___ Listed entries
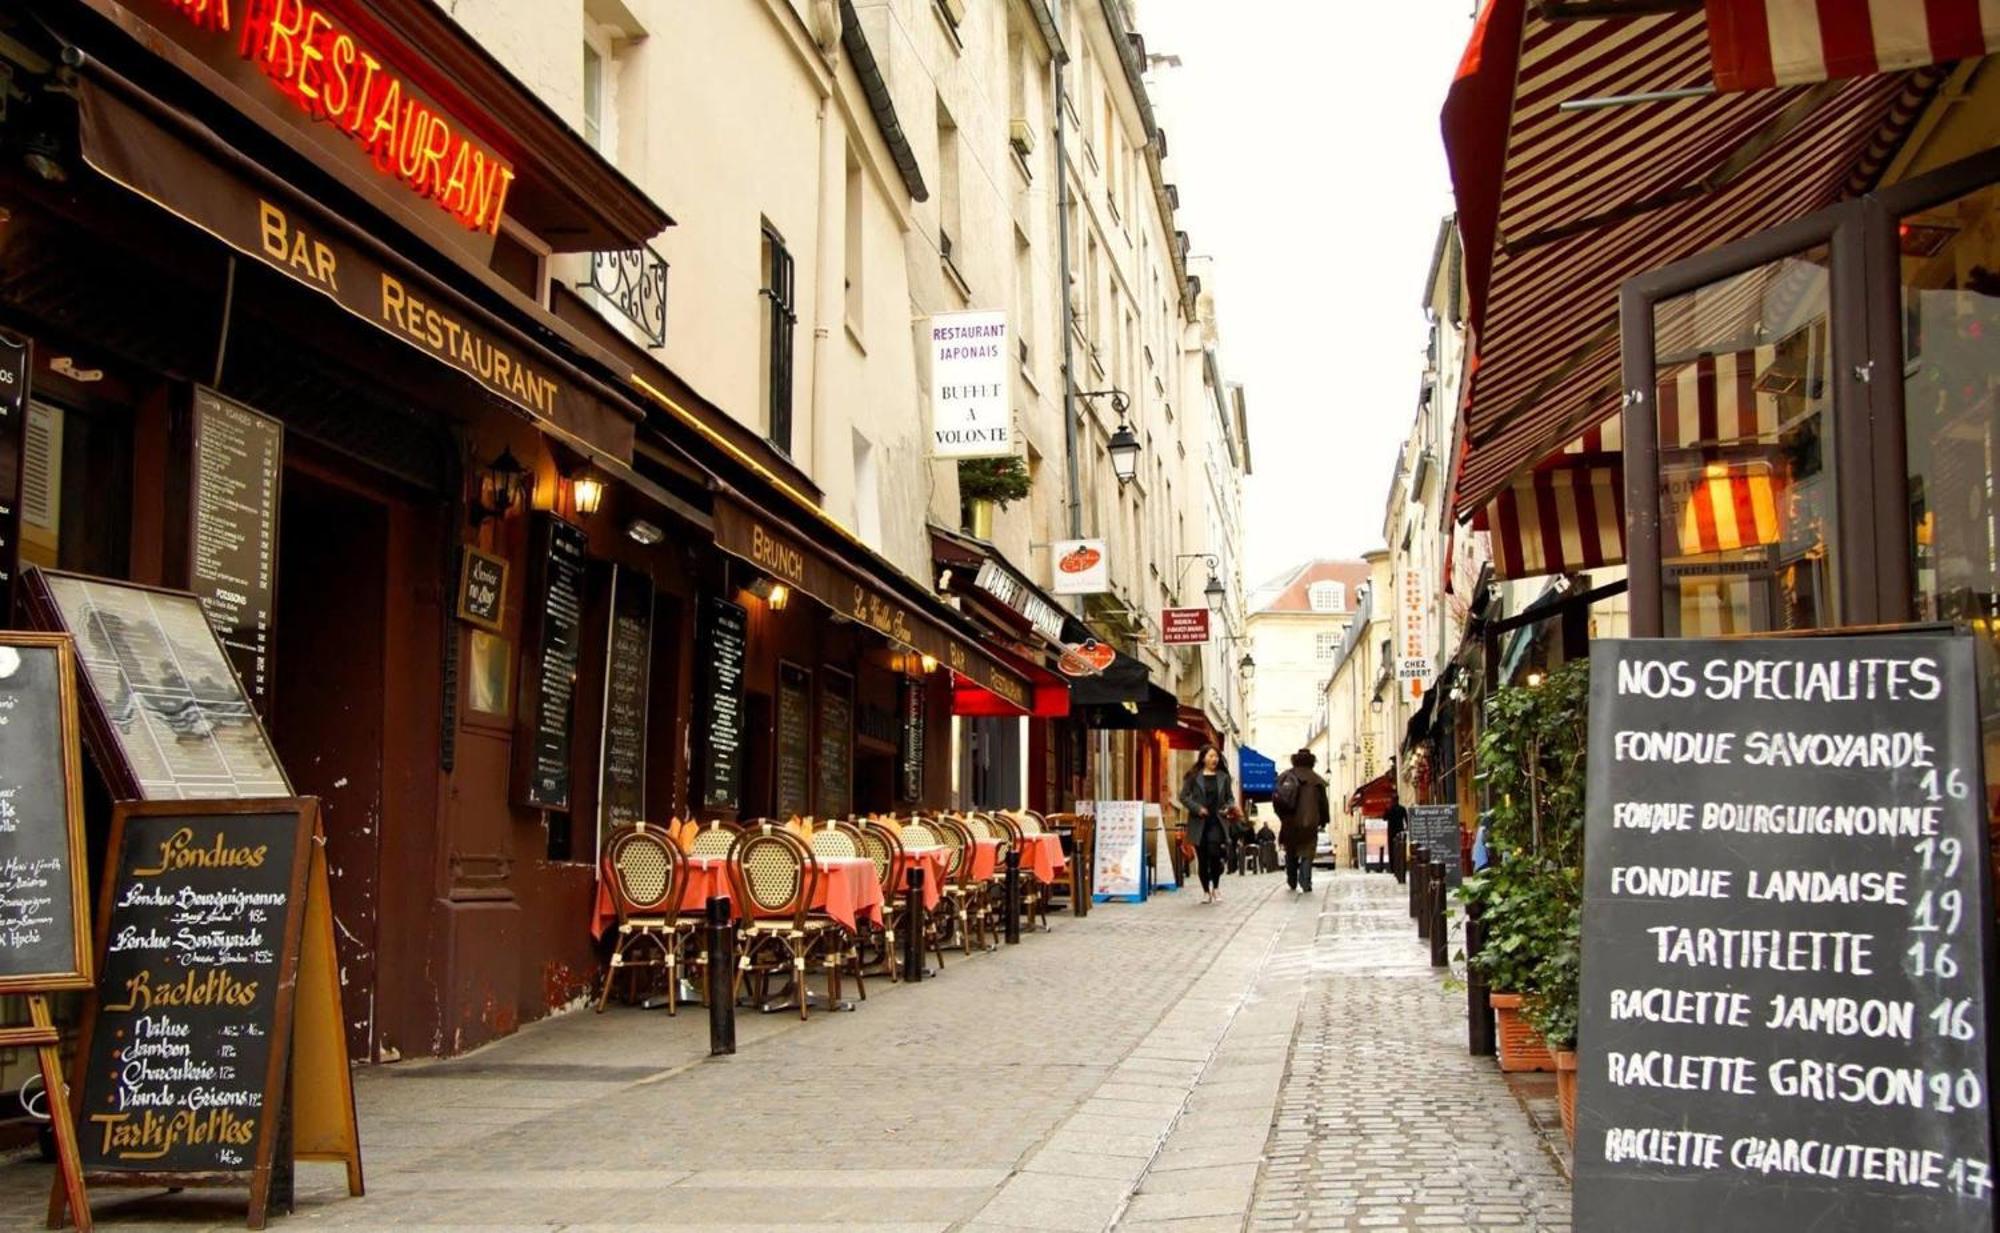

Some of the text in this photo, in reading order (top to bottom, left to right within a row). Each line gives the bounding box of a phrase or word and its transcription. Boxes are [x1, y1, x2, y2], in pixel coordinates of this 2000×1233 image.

[268, 0, 514, 235] RESTAURANT
[260, 200, 558, 416] BAR RESTAURANT
[933, 324, 1005, 340] RESTAURANT
[940, 345, 999, 360] JAPONAIS
[941, 383, 1001, 400] BUFFET
[935, 427, 1007, 444] VOLONTE
[752, 525, 804, 582] BRUNCH
[1400, 669, 1431, 678] ROBERT
[1404, 660, 1426, 669] CHEZ
[1618, 657, 1942, 701] NOS SPECIALITES
[1614, 731, 1937, 768] FONDUE SAVOYARDE
[1920, 768, 1969, 800] 16
[1613, 802, 1944, 837] FONDUE BOURGUIGNONNE
[133, 827, 268, 876] Fondues
[1913, 837, 1962, 878] 19
[118, 883, 287, 915] Fondue Bourguignonne
[1611, 866, 1963, 935] FONDUE LANDAISE 19
[110, 925, 172, 951] Fondue
[1646, 925, 1959, 979] TARTIFLETTE 16
[104, 969, 258, 1011] Raclettes
[135, 1015, 191, 1037] Nature
[1609, 987, 1975, 1040] RACLETTE JAMBON 16
[121, 1037, 190, 1062] Jambon
[122, 1058, 216, 1090] Charcuterie
[1608, 1051, 1983, 1113] RACLETTE GRISON 20
[118, 1085, 175, 1111] Viande
[187, 1086, 247, 1111] Grisons
[1605, 1126, 1993, 1198] RACLETTE CHARCUTERIE 17
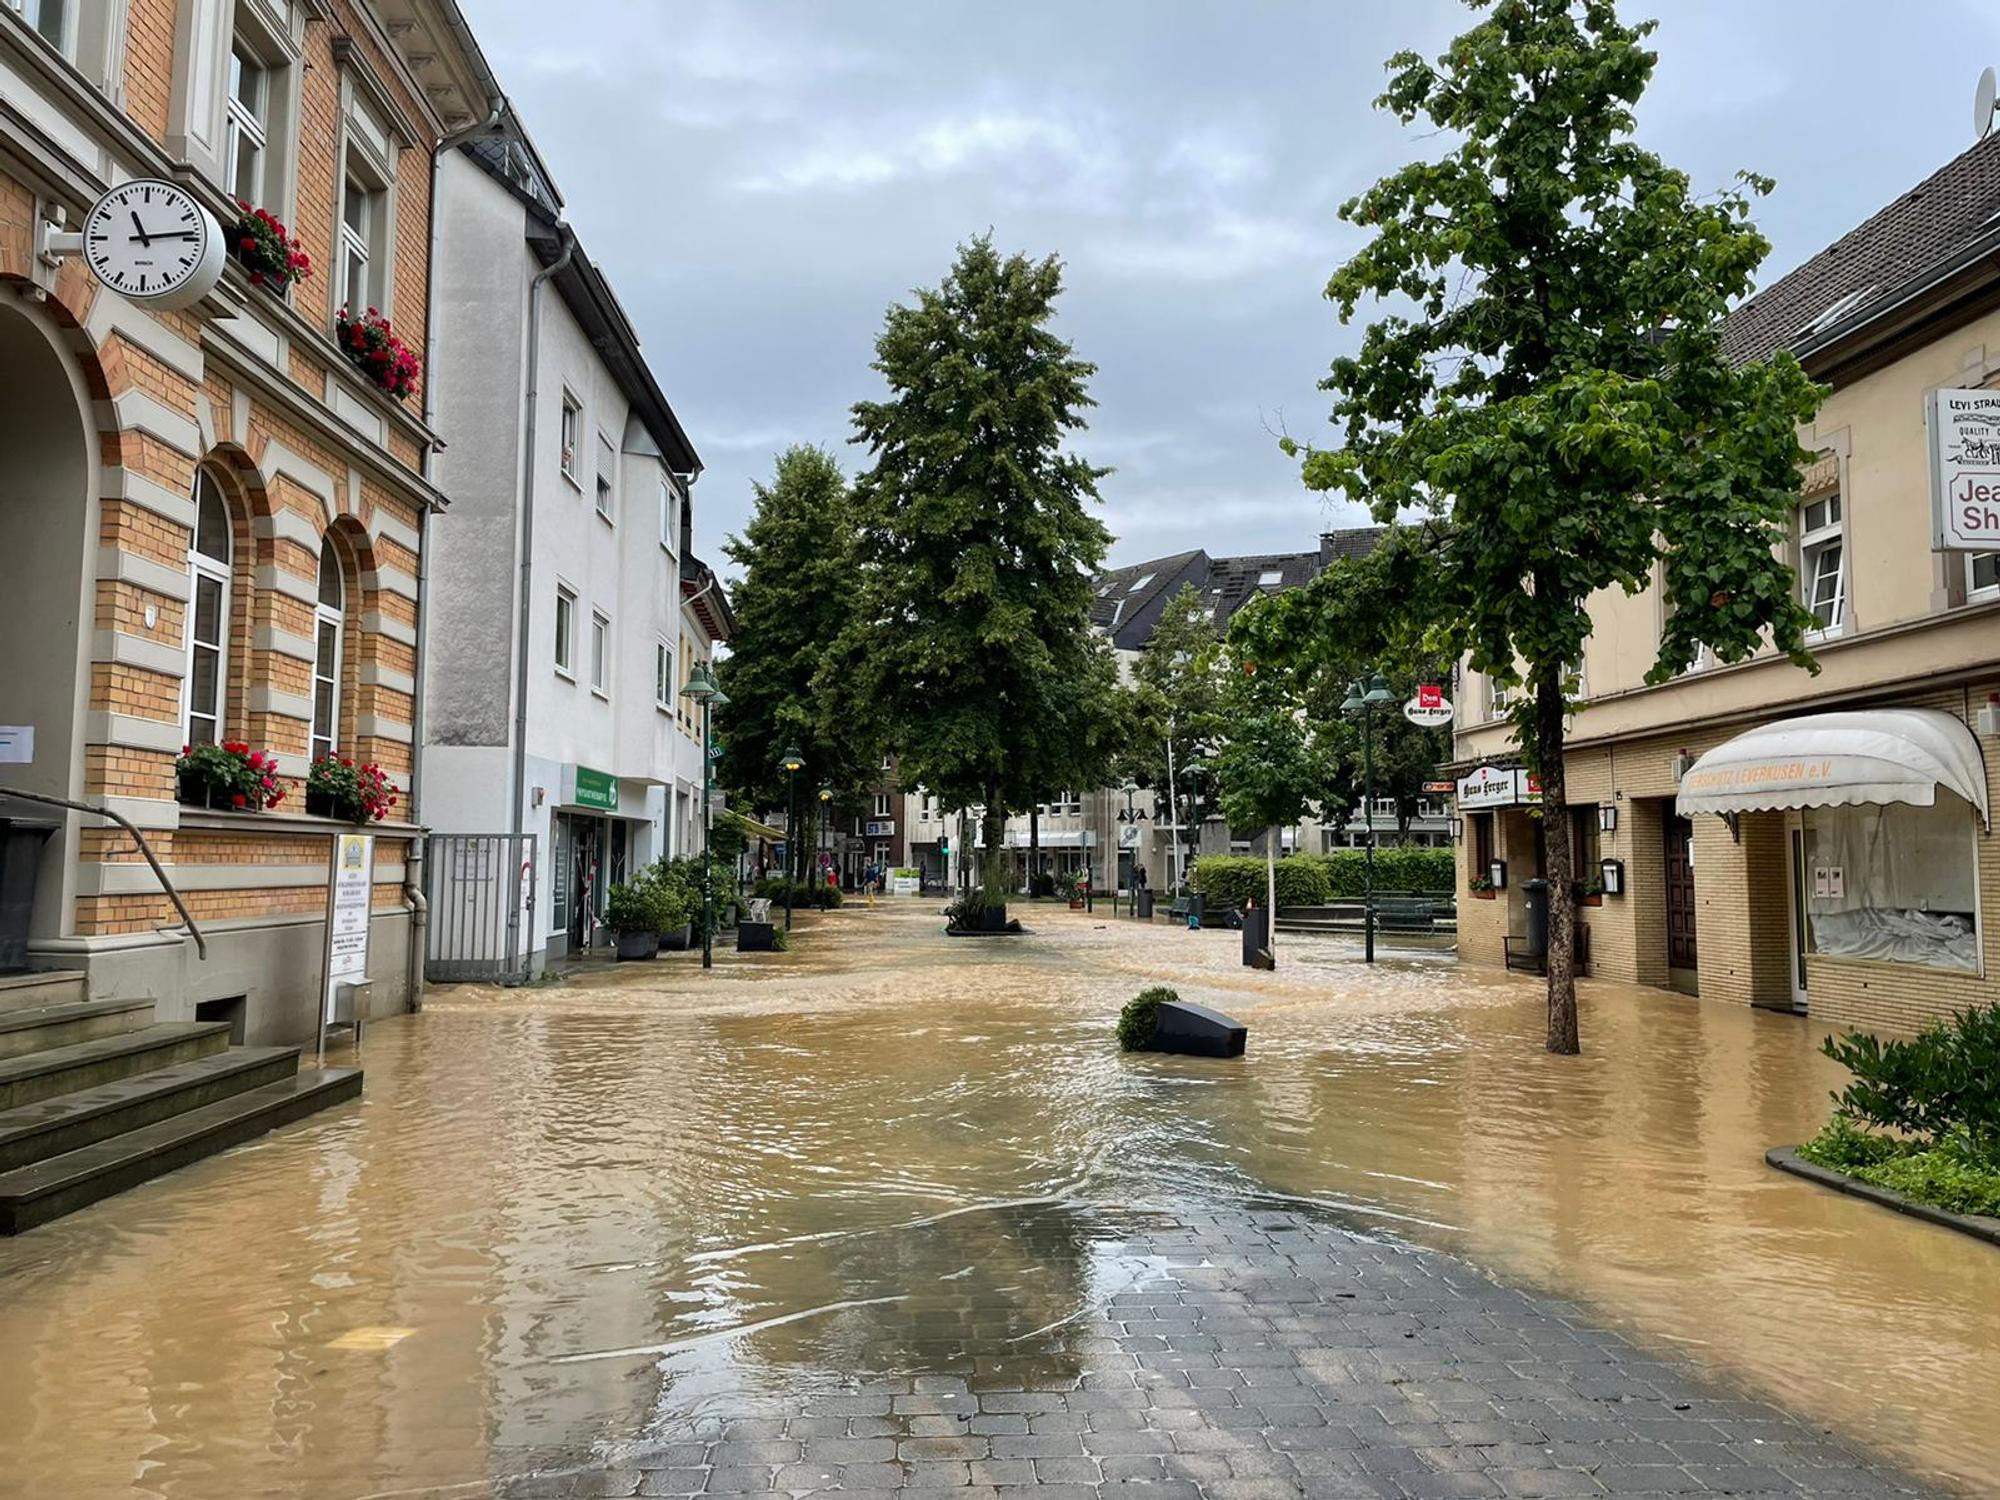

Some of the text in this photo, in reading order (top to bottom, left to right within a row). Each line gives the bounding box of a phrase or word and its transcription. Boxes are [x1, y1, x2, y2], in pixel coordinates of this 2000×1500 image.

[1949, 399, 1971, 410] LEVI
[1959, 426, 1989, 436] QUALITY
[1958, 479, 2000, 502] Jea
[1963, 506, 1999, 530] Sh
[1737, 763, 1804, 784] LEVERKUSEN
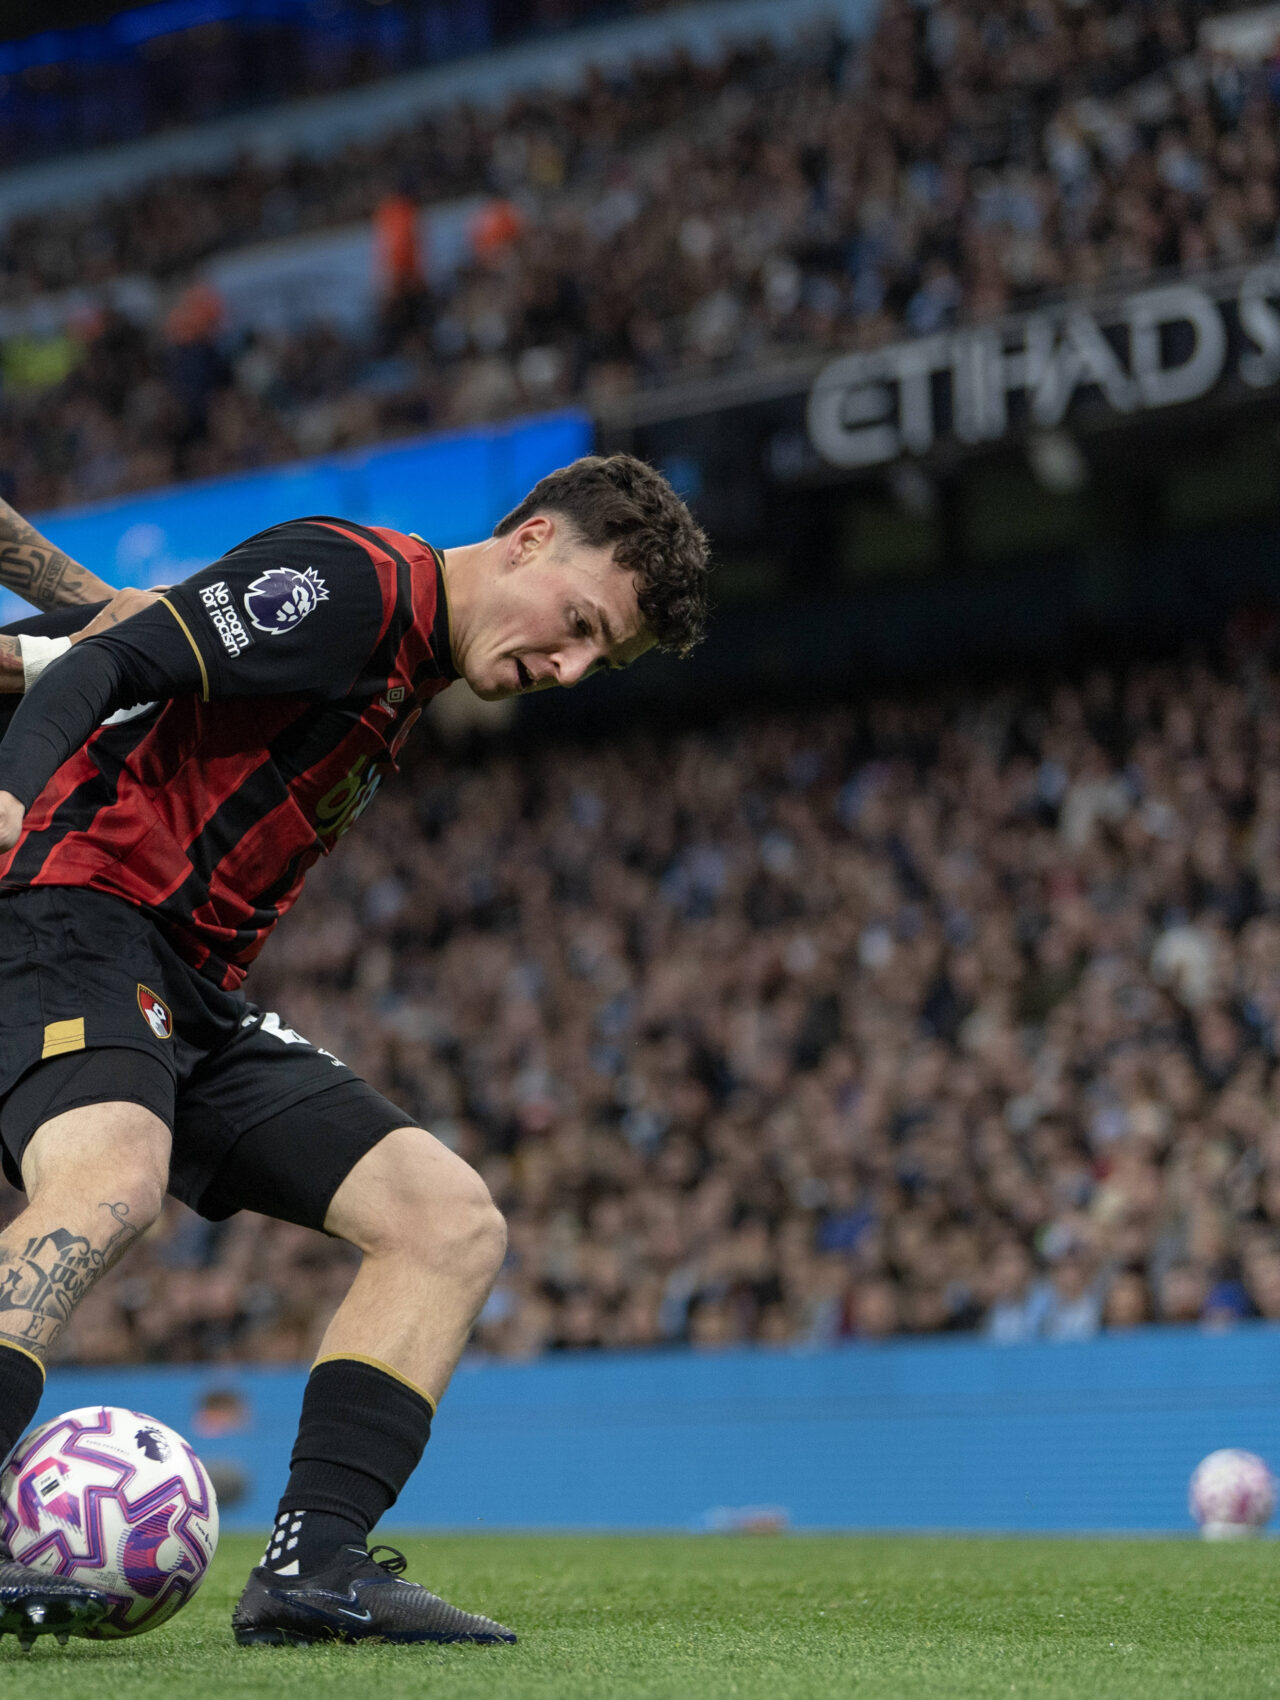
______
> **Task prompt**
Return each of the lines exactly as they appear above, with no images.

> **Task output**
Some of the text in this photo, in reading order (top to bottom, left to right within a row). Each line gives the bounding box of a phrase or word and its transcription. Boxes are [x1, y1, x2, y2], in pixel coordinates of this 2000×1233 image.

[268, 0, 514, 235] RESTAURANT
[260, 200, 558, 416] BAR RESTAURANT
[933, 324, 1005, 340] RESTAURANT
[940, 345, 999, 360] JAPONAIS
[941, 383, 1001, 400] BUFFET
[935, 427, 1007, 444] VOLONTE
[752, 525, 804, 582] BRUNCH
[1400, 669, 1431, 678] ROBERT
[1404, 660, 1426, 669] CHEZ
[1618, 657, 1942, 701] NOS SPECIALITES
[1614, 731, 1937, 768] FONDUE SAVOYARDE
[1920, 768, 1969, 800] 16
[1613, 802, 1944, 837] FONDUE BOURGUIGNONNE
[133, 827, 268, 876] Fondues
[1913, 837, 1962, 878] 19
[118, 883, 287, 915] Fondue Bourguignonne
[1611, 866, 1963, 935] FONDUE LANDAISE 19
[110, 925, 172, 951] Fondue
[1646, 925, 1959, 979] TARTIFLETTE 16
[104, 969, 258, 1011] Raclettes
[135, 1015, 191, 1037] Nature
[1609, 987, 1975, 1040] RACLETTE JAMBON 16
[121, 1037, 190, 1062] Jambon
[122, 1058, 216, 1090] Charcuterie
[1608, 1051, 1983, 1113] RACLETTE GRISON 20
[118, 1085, 175, 1111] Viande
[187, 1086, 247, 1111] Grisons
[1605, 1126, 1993, 1198] RACLETTE CHARCUTERIE 17

Some of the text in this photo, in reading order (top to bottom, left to right within a row). Each line gives the bounding box of a phrase or word and its transcription. Boxes are [x1, y1, x2, y2], in pixel coordinates of this 2000×1500 image.

[1949, 399, 1971, 410] LEVI
[1959, 426, 1989, 436] QUALITY
[1958, 479, 2000, 502] Jea
[1963, 506, 1999, 530] Sh
[1737, 763, 1804, 784] LEVERKUSEN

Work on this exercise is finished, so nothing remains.